World Health Organization has introduced a series of policy initiatives that articulate both
high-level aspirations and pragmatic guidance for mental health and substance-use services
delivery in LMICs. The most recent, the Global Mental Health Action Plan 2013-2020,
challenges member states, partners and the Secretariat to collectively meet ambitious goals by
the year 2020, including increasing mental health care coverage by 20% for severe mental
health illness and reducing national suicide rates by 10%. In LMICs, the socioecology of
poverty, malnutrition, political conflicts and poor health systems influence the epidemiology,
as well as the adverse outcomes, that result from substance misuse.
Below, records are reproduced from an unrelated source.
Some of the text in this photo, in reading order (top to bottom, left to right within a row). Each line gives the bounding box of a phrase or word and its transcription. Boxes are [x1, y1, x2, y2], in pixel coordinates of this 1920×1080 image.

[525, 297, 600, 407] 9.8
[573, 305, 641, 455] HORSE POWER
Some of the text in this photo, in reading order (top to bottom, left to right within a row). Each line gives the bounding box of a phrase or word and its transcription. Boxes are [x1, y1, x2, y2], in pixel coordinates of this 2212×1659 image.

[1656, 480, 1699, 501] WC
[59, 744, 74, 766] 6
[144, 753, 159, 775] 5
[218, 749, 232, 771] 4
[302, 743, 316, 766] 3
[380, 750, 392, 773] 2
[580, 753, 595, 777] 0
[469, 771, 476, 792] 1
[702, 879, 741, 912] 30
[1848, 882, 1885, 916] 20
Additional challenges
associated with comorbidity stem from its augmentation of clinical burden, through increased
risk for relapse, other infectious and medical complications, and economic hardship and
homelessness.The weight and setup of hazard related with substance-use issue and co-dreary
dysfunctional behavior appear to fluctuate over the world. Despite the fact that liquor and
narcotic issues are heightening in Europe, Africa and Asia, issues related with amphetamines
and cannabis are progressively pervasive in Asia, North America and Europe. Cocaine use is
common in North America and Europe, while abuse of indigenous psychoactive substances is
predominant in different areas, for example, the utilization of khat in parts of Africa and the
Middle East and that of coca leaves in South America. Remarkably, existing information
holes may belittle the effect of substance-use issue. The full degree of unfavorable
psychological wellness and social effects of substance-use issue, for example, liquor use
during pregnancy and fetal liquor range disorders 25 remain deficiently comprehended. On
average less than 3% of public health resources are allocated to specific mental health care in
LMICs, with even less around 1% in Africa and Asia. There is also a substantial gap in
scientific knowledge for preventing and treating mental health and substance-use disorders.
In addition, what is currently known is often not applicable to low-resource regions.
Intervention strategies to address substance-use disorders have improved over recent decades,
but have had limited success in achieving total recovery and have limited coverage in LMIC.